- _Task to carry out_: Without including the pictures, copy out every line below.

- _Given entries_:
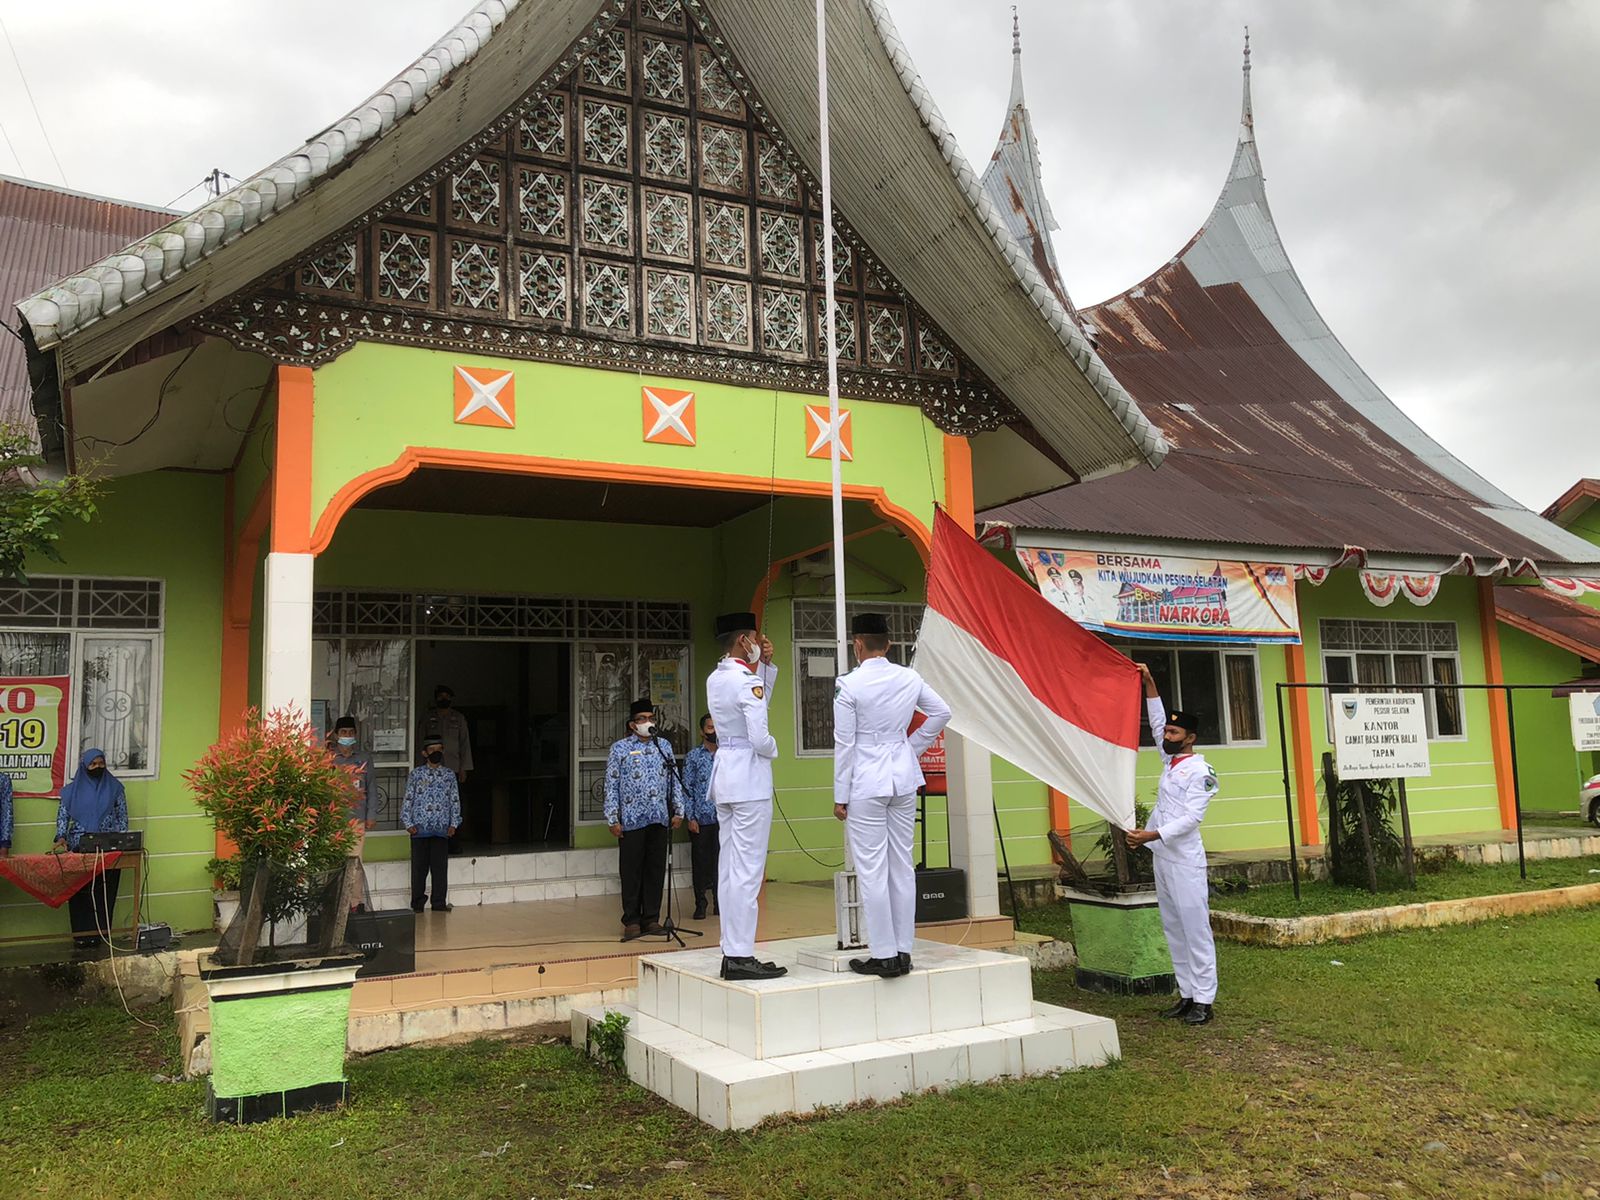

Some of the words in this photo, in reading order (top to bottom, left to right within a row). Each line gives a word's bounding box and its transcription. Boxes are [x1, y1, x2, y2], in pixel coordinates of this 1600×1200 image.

[1097, 554, 1162, 570] BERSAMA
[1098, 569, 1117, 582] KITA
[1118, 571, 1164, 586] WUJUDKAN
[1164, 574, 1193, 587] PESISIR
[1194, 575, 1228, 589] SELATAN
[1134, 587, 1174, 603] Bersih
[1158, 604, 1231, 627] NARKOBA
[1391, 707, 1410, 715] SELATAN
[1364, 721, 1399, 731] KANTOR
[1345, 735, 1364, 745] CAMAT
[1365, 735, 1380, 745] BASA
[1380, 734, 1400, 744] AMPEK
[1400, 734, 1418, 744] BALAI
[20, 753, 51, 768] TAPAN
[1372, 749, 1396, 758] TAPAN

- _Exercise result_:
Some of the words in this photo, in reading order (top to bottom, left to right within a row). Each line gives a word's bounding box and its transcription. Boxes are [x1, y1, x2, y2], in pixel coordinates of this 1600×1200 image.

[1097, 554, 1162, 570] BERSAMA
[1098, 569, 1117, 582] KITA
[1118, 571, 1164, 586] WUJUDKAN
[1164, 574, 1193, 587] PESISIR
[1194, 575, 1228, 589] SELATAN
[1134, 587, 1174, 603] Bersih
[1158, 604, 1231, 627] NARKOBA
[1391, 707, 1410, 715] SELATAN
[1364, 721, 1399, 731] KANTOR
[1345, 735, 1364, 745] CAMAT
[1365, 735, 1380, 745] BASA
[1380, 734, 1400, 744] AMPEK
[1400, 734, 1418, 744] BALAI
[20, 753, 51, 768] TAPAN
[1372, 749, 1396, 758] TAPAN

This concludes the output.